13.5.09

Iberia perde 96 milhões de euros

O grupo aéreo espanhol Iberia perdeu 96 milhões de euros no primeiro trimestre, período de baixa actividade na aviação no Hemisfério Norte e que este ano teve a desvantagem face a 2008 de não incluir a Páscoa, quando há um ano quase atingira o break-even (-0,4 milhões).

A companhia, que a nível de EBITDA (resultados antes de juros, impostos, amortizações e provisões) passou de 7,2 milhões positivos no primeiro trimestre de 2008 para uma perda de 124 milhões este ano, diz que o desempenho é “consequência principalmente do profundo impacto que a crise económica está a ter no sector do transporte aéreo”

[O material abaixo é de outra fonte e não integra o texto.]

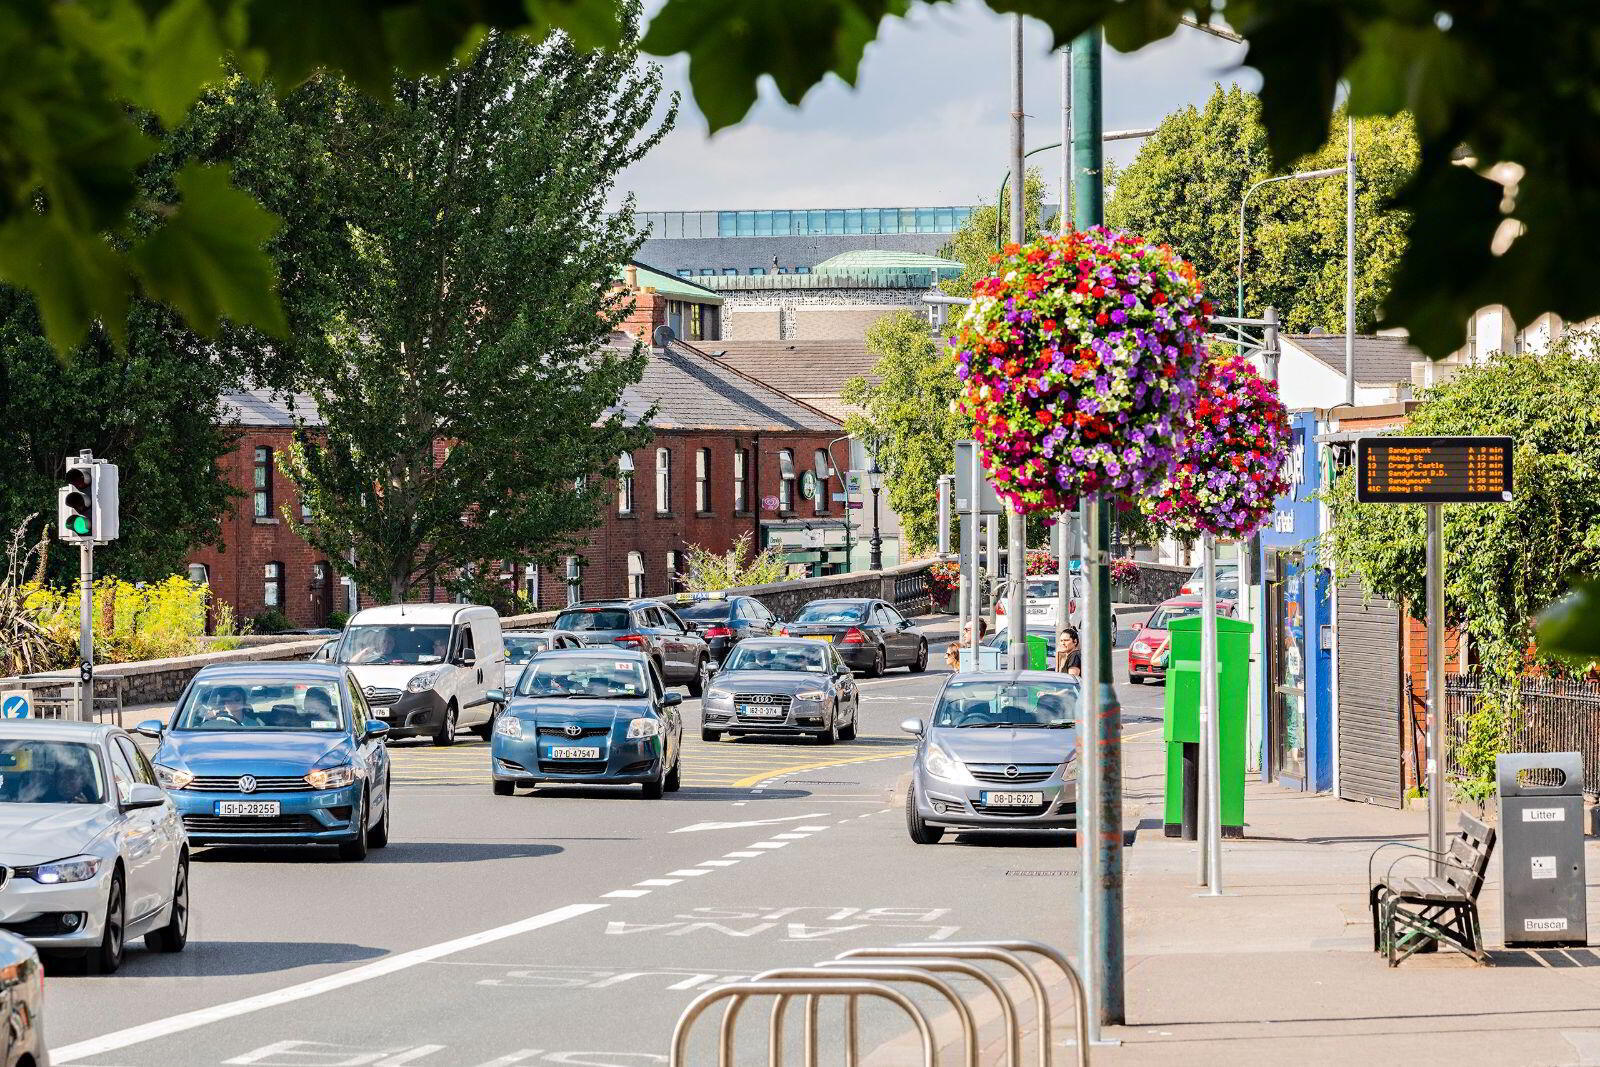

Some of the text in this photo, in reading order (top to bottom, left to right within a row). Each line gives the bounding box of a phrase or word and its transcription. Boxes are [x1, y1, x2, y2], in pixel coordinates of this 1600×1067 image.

As receitas de exploração diminuíram 15,6%, para 1.098,1 milhões de euros, que a companhia justifica com a fraca procura de transporte aéreo em especial no mercado espanhol, mas também na maioria dos mercados internacionais, e pressão sobre os preços.

A queda das receitas, no entanto, foi amortecida por uma redução dos custos de exploração em 6,3%, para 1.245,3 milhões de euros, com as descidas mais fortes a virem da factura de combustíveis, que baixou 11,7%, para 289 milhões, dos gastos comerciais (onde se inclui a remuneração às agências de viagens, com –18%, para 44,8 milhões, pessoal, em 3,8%, para 326,7 milhões, alugueres de frota, em 7,6%, para 95,2 milhões, serviços de tráfego, em 5,2%, para 99,6 milhões, e taxas de navegação aérea, em 7,8%, para 16,3 milhões.

A redução da procura em 9,5% foi maior que a redução da oferta em 6,1% o que levou a uma queda na taxa de ocupação em 2,9 pontos percentuais para 76,5%.
A Iberia diz ainda que os resultados do trimestre sofreram também o impacto negativo das greves dos pilotos e dos fortes nevões, mas que mantém uma posição patrimonial sólida, com 2.252,3 milhões de euros em investimentos financeiros a curto prazo e em dinheiro no final de Março.

A direcção da Iberia admite no comunicado em que faz o balanço do primeiro trimestre que é “improvável ter resultados positivos no exercício de 2009” caso se mantenham as actuais circunstâncias “extremamente difíceis” ao longo do ano, mas não aprofunda previsões, alegando “visibilidade reduzida”, tendo em conta as incertezas quanto ao ambiente macroeconómico e variáveis fundamentais como o preço do combustível e o câmbio do dólar.